“Il capo perfetto”
Il Capo Perfetto (El buen patrón) di Fernando Leon de Aranoa – Spagna 2021 –
Chiudiamo la nostra breve stagione cinematografica, come da tradizione, con una commedia spagnola. Venti anni prima, con “I lunedì al sole”, lo stesso regista e l stesso attore, Javier Berdem, affrontavano le conseguenze della disoccupazione a seguito dei licenziamenti nei cantieri navali di Gijón. Il film mostrava forse una eccessiva retorica, ma raccontava la fine di un mondo, che era quello operaio. In questo film invece, virato in commedia acida, il mondo del lavoro viene visto dal punto di vista di un piccolo proprietario di una fabbrica di bilance. Il proprietario, Blanco, gestisce l’azienda con un approccio paternalistico, attraverso il quale viene attivato un controllo della vita dei dipendenti. Il titolo spagnolo ci riporta alla vera radice del significato di questo film: il termine patrón indica il capo, ma tradisce la propria origine, ovvero il termine “padrone”. Quindi non stiamo parlando di un buon capo, ma di un buon padrone.
Negli ultimi anni alcuni film (non italiani dove sembra che la questione non interessi), hanno cercato di raccontare il mondo del lavoro contemporaneo. In “In guerra” del francese Stéphane Brizé, il padrone non è identificabile, è una multinazionale anonima che non ha neanche una sede fisica. In “Un altro mondo” sempre dello stesso regista, il cui protagonista è un quadro aziendale, il lavoro è talmente totalizzante da mettere in crisi la famiglia e i dirigenti sono pixel su uno schermo, anonimi e disinteressati. Ma qualcosa nel mondo del lavoro sta succedendo: la pandemia ha provocato nelle persone una riflessione sulla propria condizione di vita, e negli Stati Uniti nell’agosto del 2021 circa 4,3 milioni di lavoratori hanno dato le dimissioni. La causa principale era legata alla sensazione di vuoto, inutilità e agli stipendi bassi. Nel settore della sanità e dell’educazione hanno abbandonato circa 570.000 addetti, il 25% dei quali non aveva alternative lavorative.

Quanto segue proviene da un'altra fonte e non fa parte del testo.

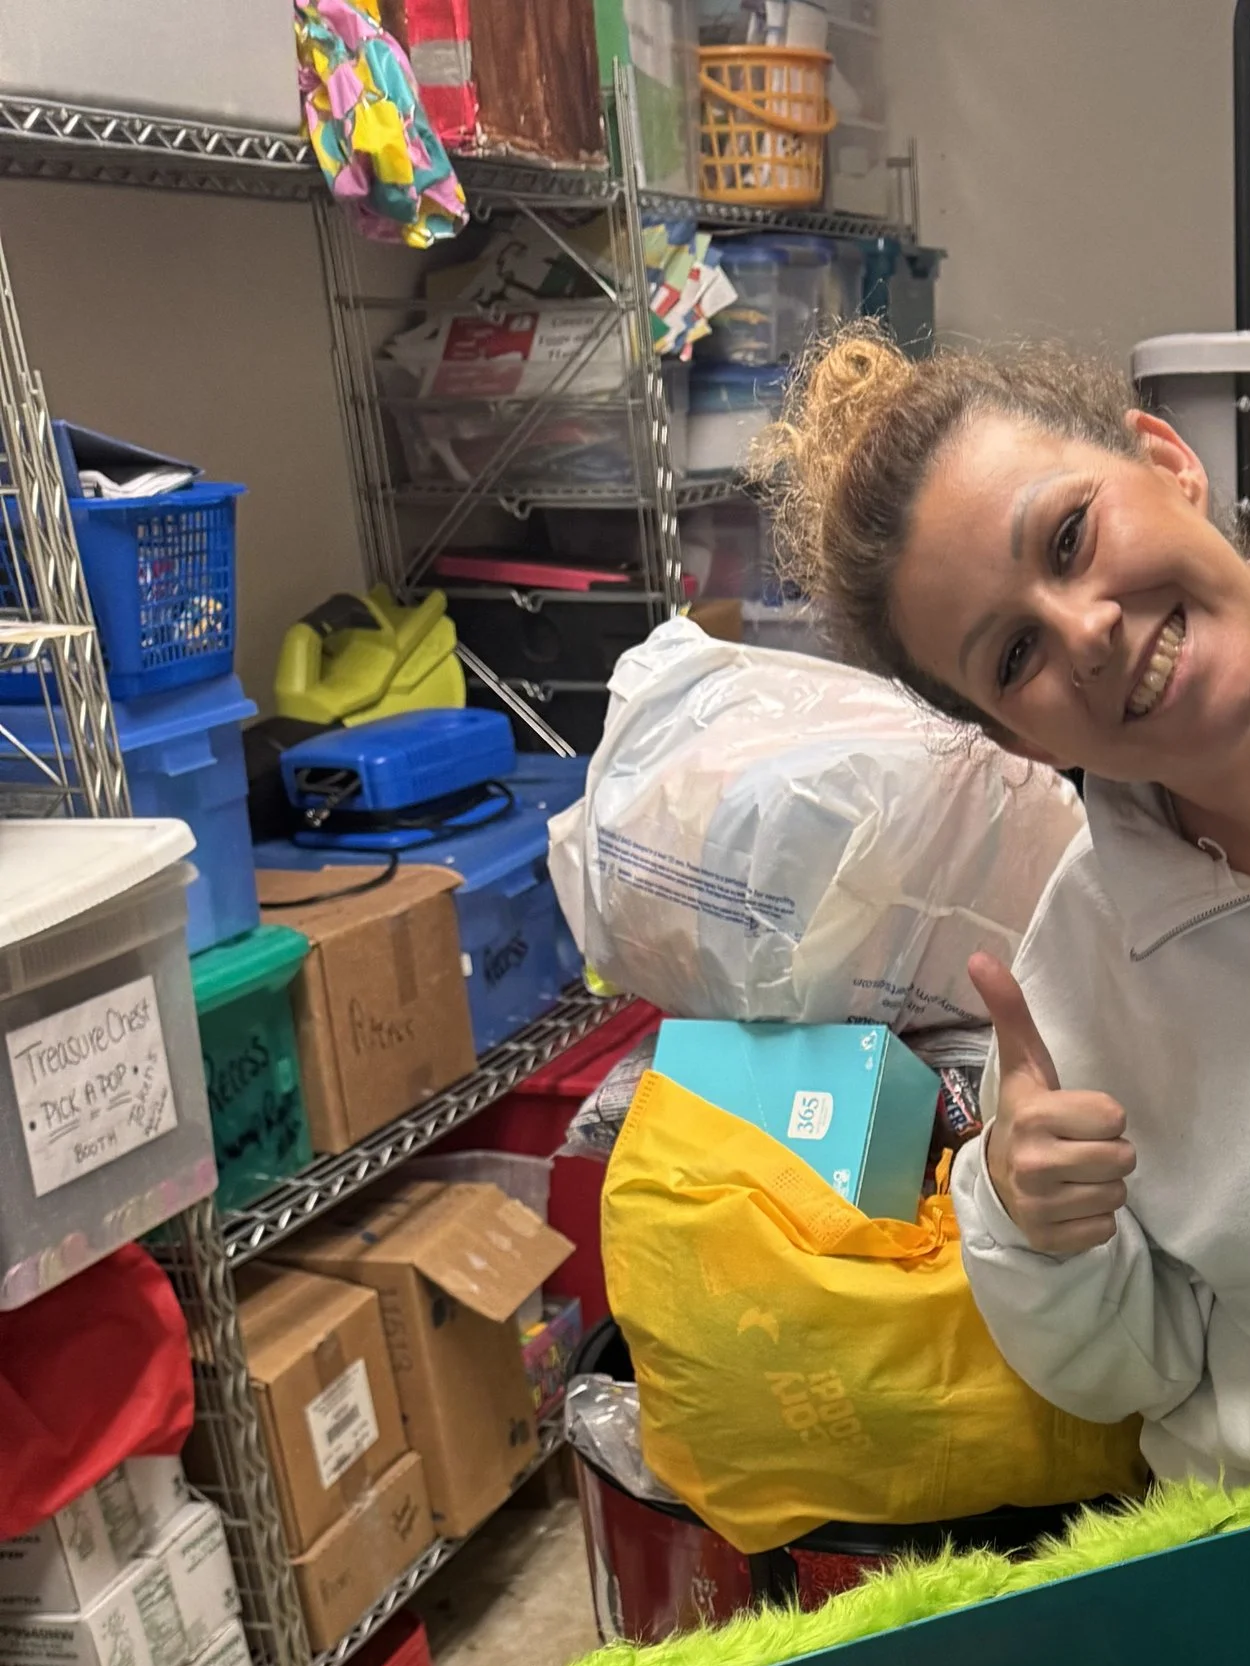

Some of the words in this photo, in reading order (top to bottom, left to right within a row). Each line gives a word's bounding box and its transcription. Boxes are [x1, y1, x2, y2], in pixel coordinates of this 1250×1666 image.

[14, 1025, 109, 1086] Treasure
[105, 996, 151, 1043] Chest
[40, 1087, 80, 1128] PICK
[84, 1079, 96, 1105] A
[96, 1062, 128, 1095] POP
[797, 1096, 820, 1135] 365
[73, 1129, 119, 1164] BOOTH
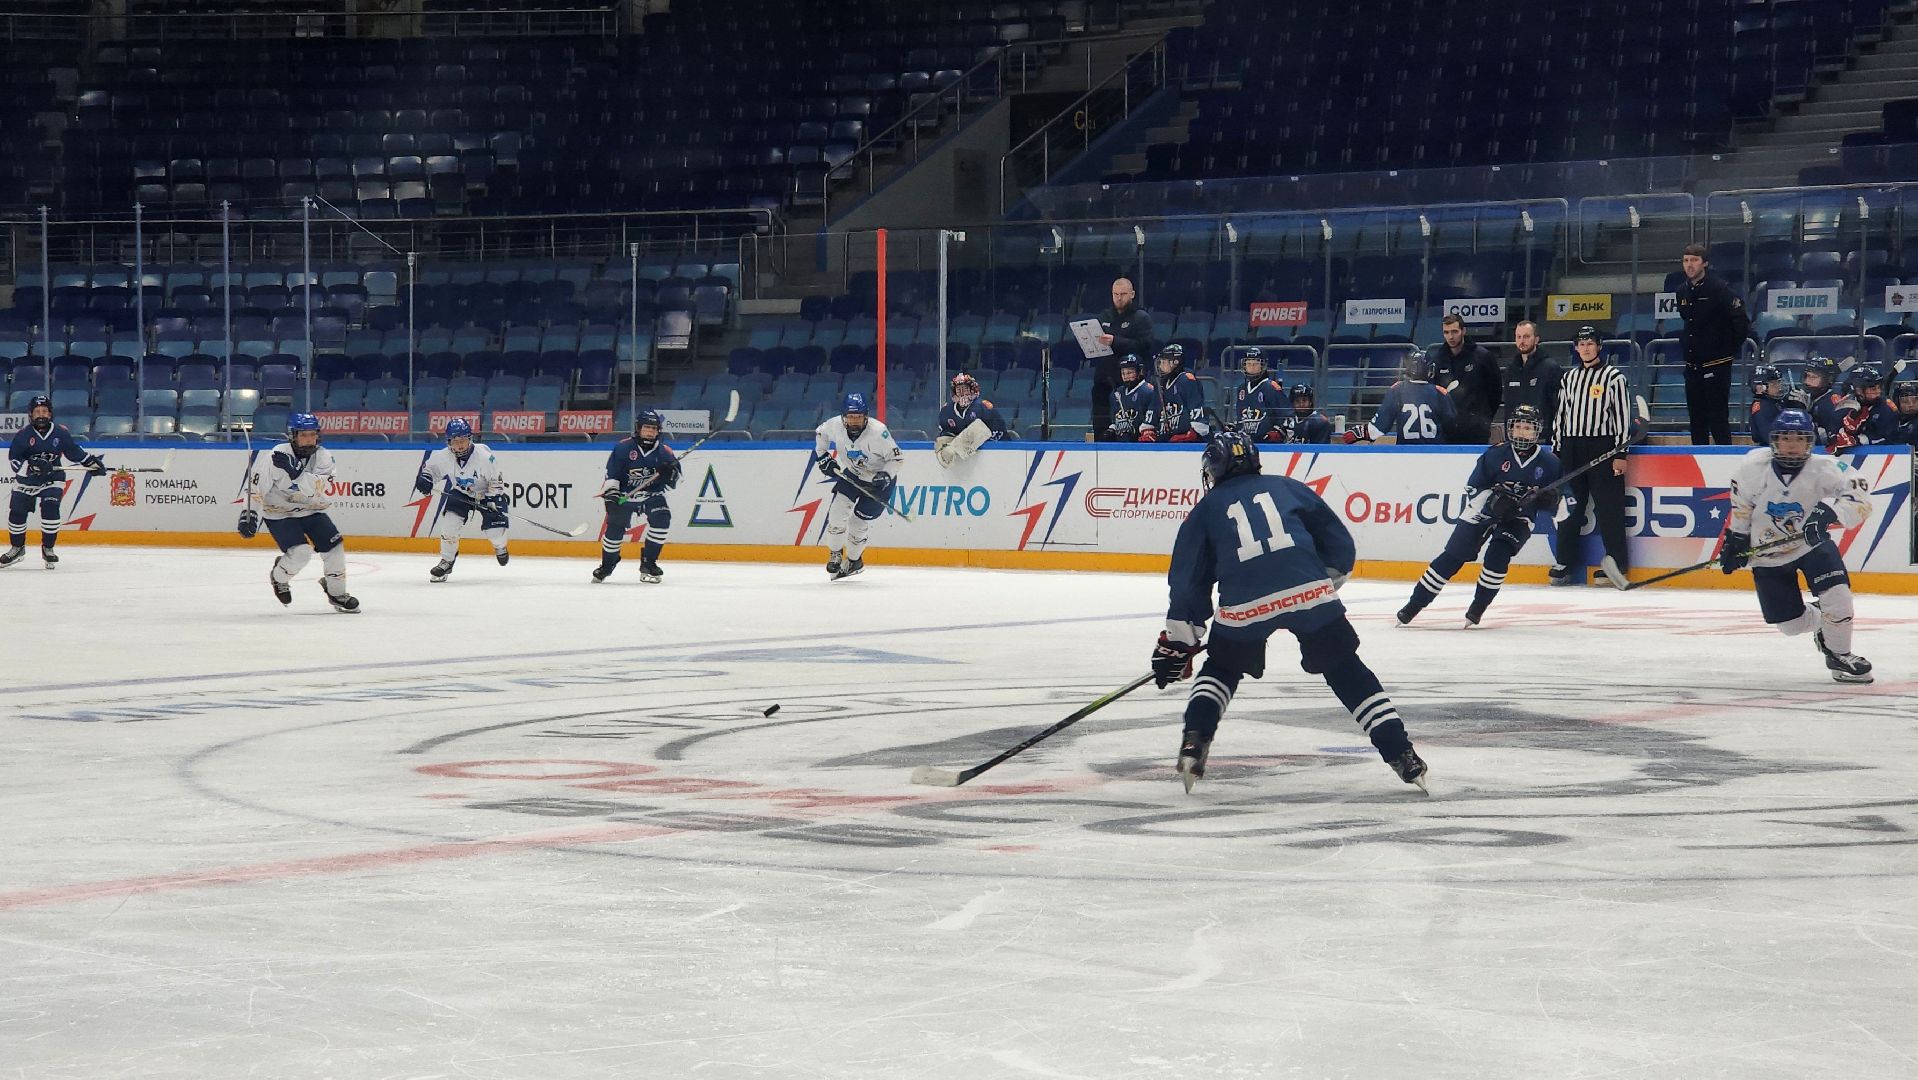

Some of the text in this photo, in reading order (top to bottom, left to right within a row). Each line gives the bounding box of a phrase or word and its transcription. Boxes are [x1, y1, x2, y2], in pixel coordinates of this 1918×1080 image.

[1572, 303, 1604, 312] БАНК
[1776, 294, 1829, 309] SIBUR
[1251, 306, 1307, 321] FONBET
[1362, 307, 1402, 316] ГАЗПРОМБАНК
[317, 414, 408, 430] ONBET FONBET
[429, 415, 479, 430] FOET
[493, 414, 544, 430] FONBET
[560, 414, 611, 430] FONBET
[666, 421, 705, 429] Ростелеком
[1402, 403, 1437, 439] 26
[145, 479, 198, 490] КОМАНДА
[145, 495, 217, 505] ГУБЕРНАТОРА
[1226, 492, 1295, 563] 11

A differenza dei due film precedentemente citati, qui il capo c’è. Esiste fisicamente e vive tutti i giorni assieme ai suoi dipendenti. La sua gestione paternalistica certifica la fine del conflitto capitale – lavoro. In questo, come negli altri film citati, il sindacato è assente. Il conflitto è diventato individuale. L’operaio licenziato da Blanco, attua una protesta solitaria davanti all’ingresso della fabbrica, con slogan senza rima e l’unico rapporto che ha è con la guardia giurata che presidia l’ingresso, a sua volta un altro lavoratore.
Javier Berdem mostra le sue capacità recitative, sviluppando un personaggio che mostra tutta la sua ipocrisia, che rimane sottotraccia. Perché in realtà Blanco è simpatico e per certi versi si tifa per lui.
In conclusione, prestate attenzione alla immagine del cancello di ingresso della fabbrica e paragonatela alle immagini depositate nel vostro inconscio.